FIGURE 4.

Change in MSD over time, as calculated from traces of individual receptors, identified microdomain confinements within which HER2 diffused faster than EGFR. (A) The nonlinear change of MSD over time, as calculated from 180 traces of individual EGFR (○) and 120 traces of individual HER2 molecules, suggests that the receptors were confined within microscale domains. By fitting the curves with the equation for confined diffusion (solid line) and assuming a square shape, the confinement area was found to be 1.23 ± 0.06 μm for EGFR and 1.65 ± 0.16 μm for HER2. The diffusion coefficient of the receptors was calculated from the linear part of the curve (closer to time 0), showing that HER2 was more mobile (0.035 ± 0.004 μm²/s) than EGFR (0.023 ± 0.002 μm²/s). (B) Treating the cells with cytochalasin D to depolymerize F-actin increased the diffusion coefficient of EGFR (0.027 ± 0.003 μm²/s, n = 40, ○) but did not change the diffusion coefficient of HER2 (0.035 ± 0.004 μm²/s, n = 40, •). The toxin also extended the boundaries of the restricted domains of both receptors (EGFR: 1.5 ± 0.19 μm; HER2: 1.95 ± 0.29 μm). (C) Using a more potent drug to depolymerize F-actin, latrunculin A, led to the increase in the diffusion coefficient of EGFR (0.032 ± 0.003 μm²/s, n = 180, ○) to the same level as that of HER2. The diffusion coefficient of HER2 was not changed by the toxin (0.029 ± 0.003 μm²/s, n = 70, •).
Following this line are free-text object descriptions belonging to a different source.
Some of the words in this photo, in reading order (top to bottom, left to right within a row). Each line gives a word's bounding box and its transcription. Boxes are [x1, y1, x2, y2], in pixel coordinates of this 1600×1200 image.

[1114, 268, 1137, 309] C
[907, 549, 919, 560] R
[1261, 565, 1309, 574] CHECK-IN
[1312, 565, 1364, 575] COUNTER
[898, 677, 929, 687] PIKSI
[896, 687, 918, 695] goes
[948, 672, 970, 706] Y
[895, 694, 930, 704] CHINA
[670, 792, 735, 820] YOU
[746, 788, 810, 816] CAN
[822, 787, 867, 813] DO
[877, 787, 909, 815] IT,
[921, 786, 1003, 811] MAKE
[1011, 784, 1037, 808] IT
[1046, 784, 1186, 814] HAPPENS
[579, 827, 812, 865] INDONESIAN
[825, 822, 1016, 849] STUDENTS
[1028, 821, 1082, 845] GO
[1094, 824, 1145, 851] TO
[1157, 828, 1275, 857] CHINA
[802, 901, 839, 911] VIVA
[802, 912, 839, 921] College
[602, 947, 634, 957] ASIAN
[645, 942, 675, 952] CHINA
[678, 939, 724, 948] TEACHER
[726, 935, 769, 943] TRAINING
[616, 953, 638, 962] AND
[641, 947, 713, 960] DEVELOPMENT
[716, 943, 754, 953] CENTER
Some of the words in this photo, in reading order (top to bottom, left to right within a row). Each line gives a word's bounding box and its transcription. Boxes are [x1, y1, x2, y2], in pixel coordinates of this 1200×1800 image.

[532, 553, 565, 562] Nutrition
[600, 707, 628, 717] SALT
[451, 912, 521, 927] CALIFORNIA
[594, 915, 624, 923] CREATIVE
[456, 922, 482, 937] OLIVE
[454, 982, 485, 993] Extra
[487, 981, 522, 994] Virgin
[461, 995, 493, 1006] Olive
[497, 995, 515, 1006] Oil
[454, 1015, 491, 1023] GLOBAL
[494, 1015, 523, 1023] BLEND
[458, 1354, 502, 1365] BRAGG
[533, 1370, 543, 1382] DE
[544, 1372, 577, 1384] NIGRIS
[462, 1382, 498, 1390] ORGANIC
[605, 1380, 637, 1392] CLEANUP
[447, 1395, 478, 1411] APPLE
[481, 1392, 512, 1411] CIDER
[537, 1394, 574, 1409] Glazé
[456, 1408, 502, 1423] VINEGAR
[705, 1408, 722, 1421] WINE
As indicated by the linear change of MSD with time, the toxin extended the boundaries of HER2 restricted domains beyond the ability of the experiment to detect them, which was limited by the photobleaching time of the individual molecules. Latrunculin A extended the boundaries of EGFR restricted domains to the same level as that of HER2 under normal conditions (1.65 ± 0.1 μm). These observations suggest that the direct interaction of EGFR with F-actin slows down the motion of the receptor in the plane of the membrane.